Plunking a handful of coins into the tollbooth to exit the Jersey Turnpike, Steve wound along the nameless river, the scent of the salt marsh fading the further he travelled inland. He forced his mind to focus on the sun, the curve of the road, the Indian throbbing reassuringly into his crotch as he drove. Years of self-discipline taught to him by the military helped him subdue the butterflies threatening to erupt out of his stomach as either vomit, or tears. Ninety-four years old. Peggy Carter was ninety-four years old. Really ninety-four years old. Not just twenty-five with a sixty-seven year gap like he had, but old.

"Somerset Valley Rehabilitation Center," Steve read aloud, staring at the white-and-green sign with apprehension. Squat, low buildings stretched across pleasant, neatly tended grounds. He guided the bike into a parking spot, though it wasn't difficult to find one in the nearly empty lot, and kicked down the kickstand. The engine fell silent as he stared at the place Peggy had been sent to die. He sat, squeezing the brakes on the handlebar in and out as he tried to pull himself together.

Ninety-four years old. Peggy's son had reassured him his mother was still pretty sharp for a ninety-four year old woman, but warned she'd gotten forgetful the past few years. Sometimes she mistook her grandchildren for friends who were long dead and in the grave. Had he really made enough of an impression upon her all those years ago that she'd remember him? The scrawny Irish kid from the Lower East Side of Manhattan who'd thrown his body across a dud grenade and not the image of Captain America the military had fostered to sell war bonds?

The lobby of the nursing home seemed homey enough, with a fireplace and powder-blue walls as though it were a living room in a private home.

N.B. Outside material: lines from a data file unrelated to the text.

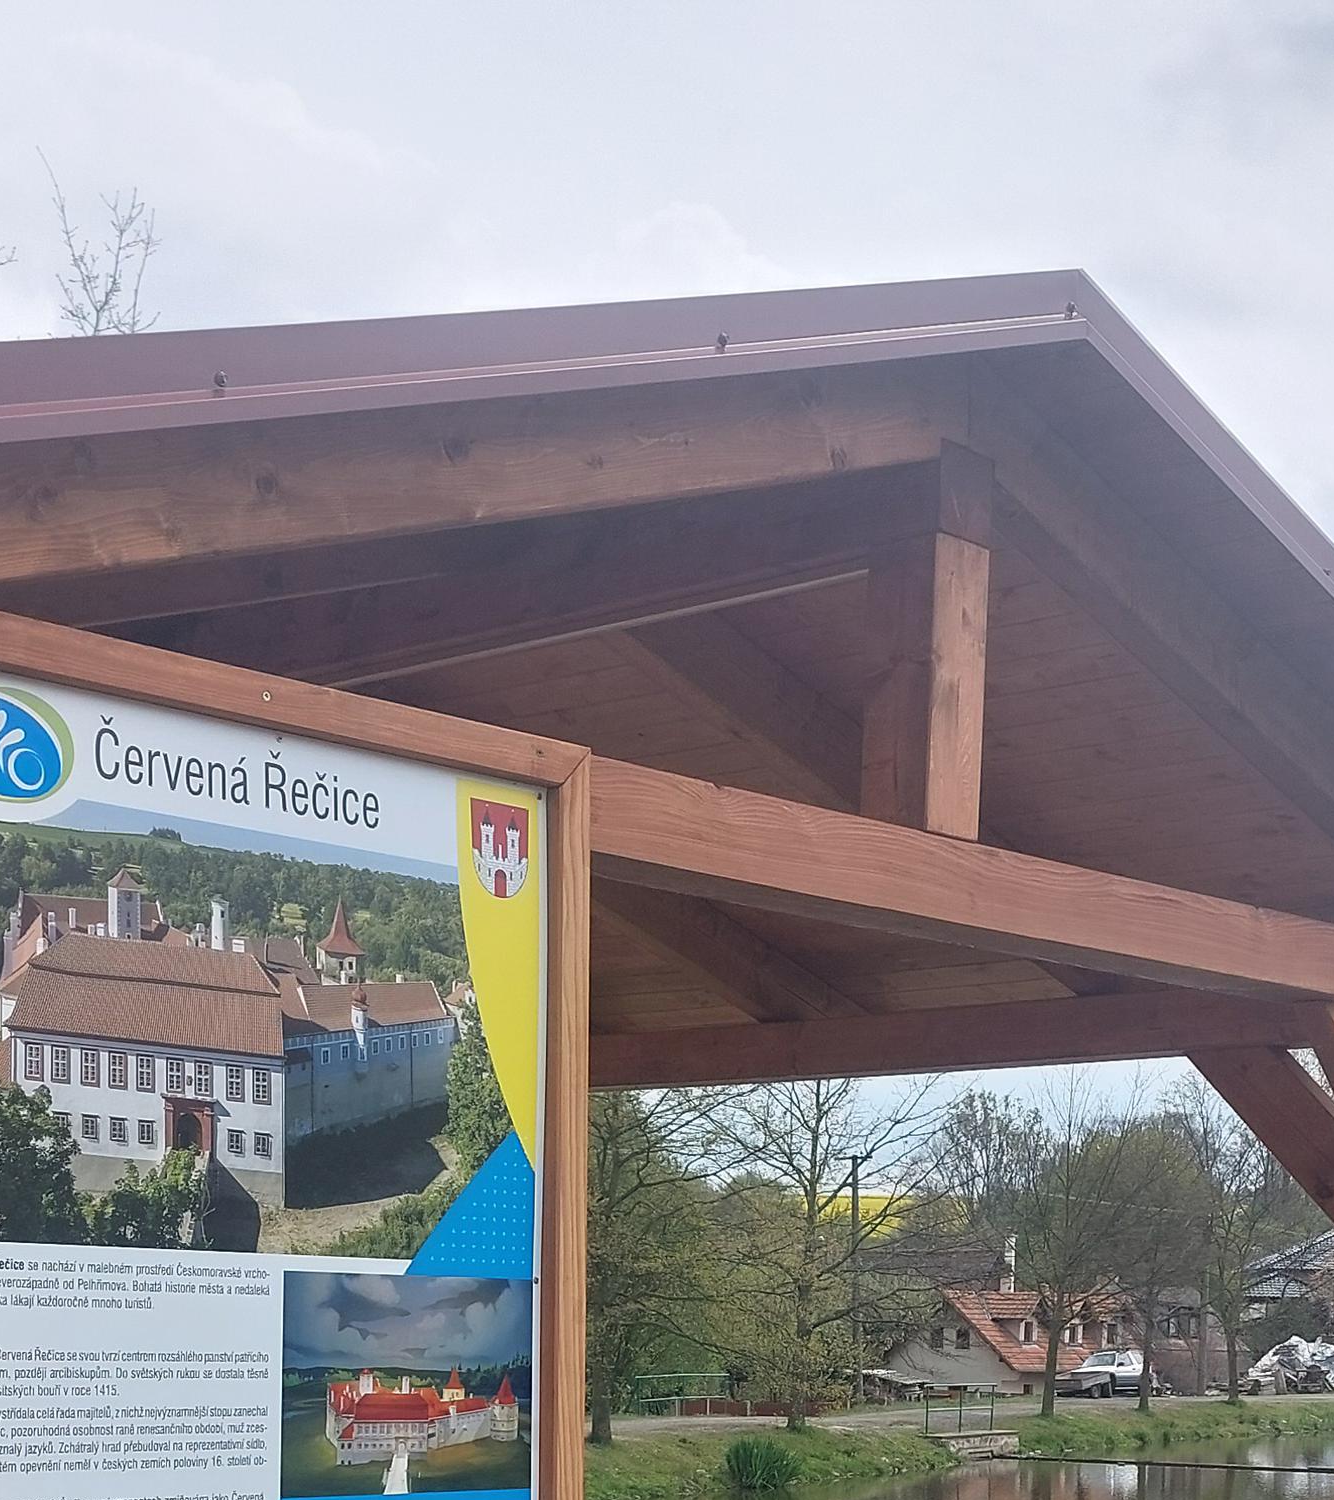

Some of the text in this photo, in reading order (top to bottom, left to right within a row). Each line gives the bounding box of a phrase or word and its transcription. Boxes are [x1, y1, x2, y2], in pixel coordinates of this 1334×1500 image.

[94, 715, 380, 830] Červená Řečice
[42, 1260, 76, 1272] nachází
[87, 1262, 133, 1274] malebném
[244, 1267, 270, 1279] vrcho-
[62, 1278, 73, 1289] od
[132, 1280, 161, 1292] Bohatá
[164, 1281, 195, 1293] historie
[198, 1281, 223, 1294] města
[234, 1283, 270, 1295] nedaleká
[10, 1294, 34, 1309] lákají
[36, 1295, 88, 1308] každoročně
[91, 1297, 122, 1308] mnoho
[34, 1348, 65, 1361] Řečice
[14, 1366, 46, 1380] později
[37, 1384, 60, 1396] bouří
[70, 1387, 91, 1396] roce
[36, 1406, 54, 1418] celá
[55, 1406, 75, 1418] řada
[232, 1405, 268, 1417] zanechal
[10, 1424, 70, 1439] pozoruhodná
[72, 1423, 113, 1435] osobnost
[115, 1422, 134, 1434] rané
[24, 1441, 55, 1456] jazyků.
[58, 1441, 99, 1455] Zchátralý
[101, 1441, 120, 1452] hrad
[19, 1459, 61, 1474] opevnění
[63, 1458, 90, 1470] neměl
[101, 1457, 137, 1471] českých
[140, 1456, 170, 1468] zemích
[173, 1456, 208, 1470] poloviny
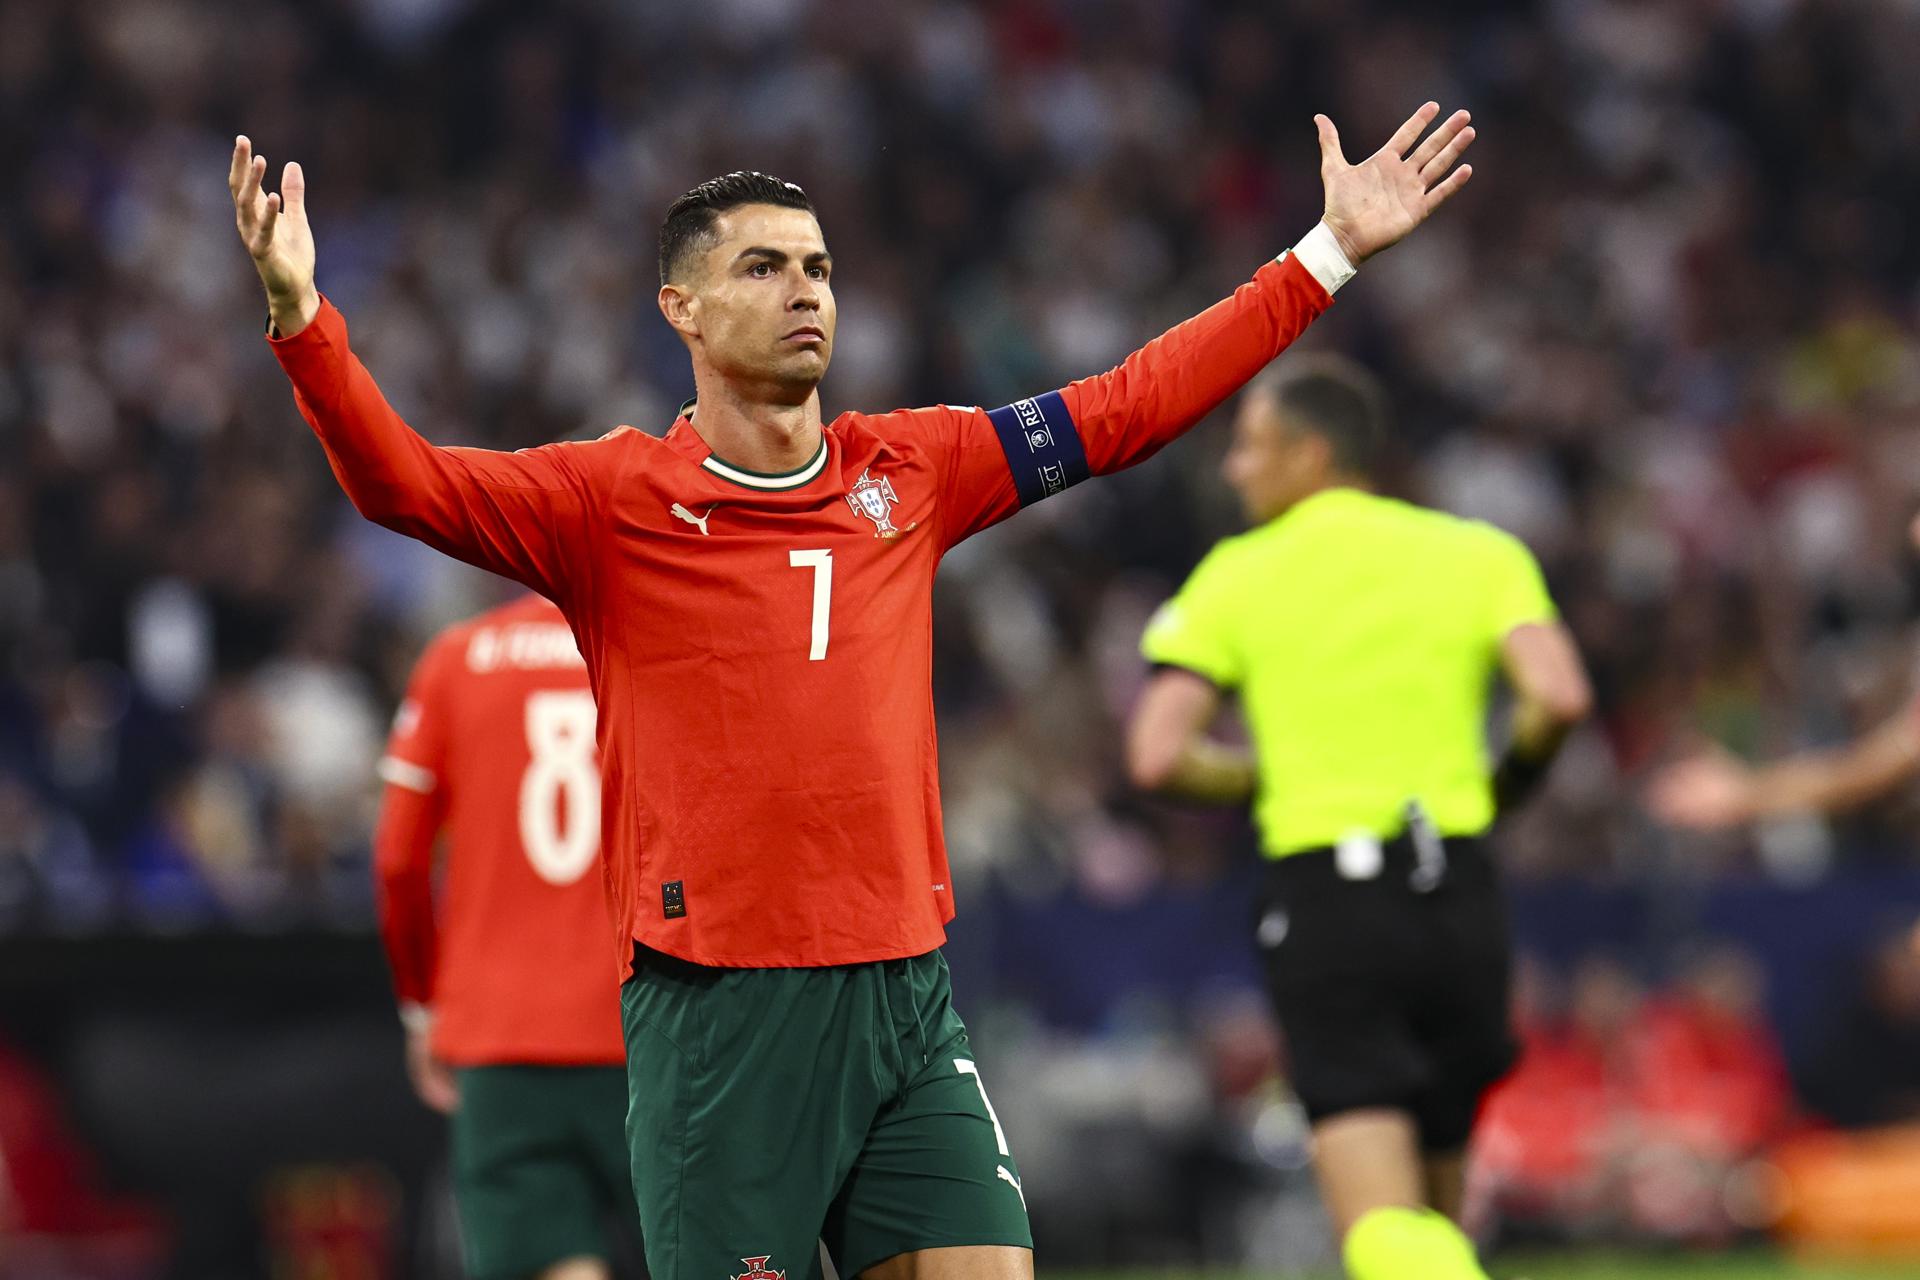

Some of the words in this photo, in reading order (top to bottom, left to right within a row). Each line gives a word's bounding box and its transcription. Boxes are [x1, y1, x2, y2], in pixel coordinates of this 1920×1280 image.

The scent of old-people mixed with urine, however, was unmistakable. Death. A place people were sent to die when they became too much of a burden on their loved ones. He'd been spared that unpleasantness with his own parents by their untimely deaths, but that just meant when his own time came to sit in a wheelchair and soil his britches there'd be nobody left alive to visit him. Empty. The nursing home was empty except for elderly patients left staring vacantly at the wall. A perky woman wearing white nursing shoes shuffled from patient to patient, sniffing to make sure nobody needed a change of Depends, but otherwise her charges were left alone with their own mortality. Steve followed signs down a long, featureless yellow hall to the nursing station.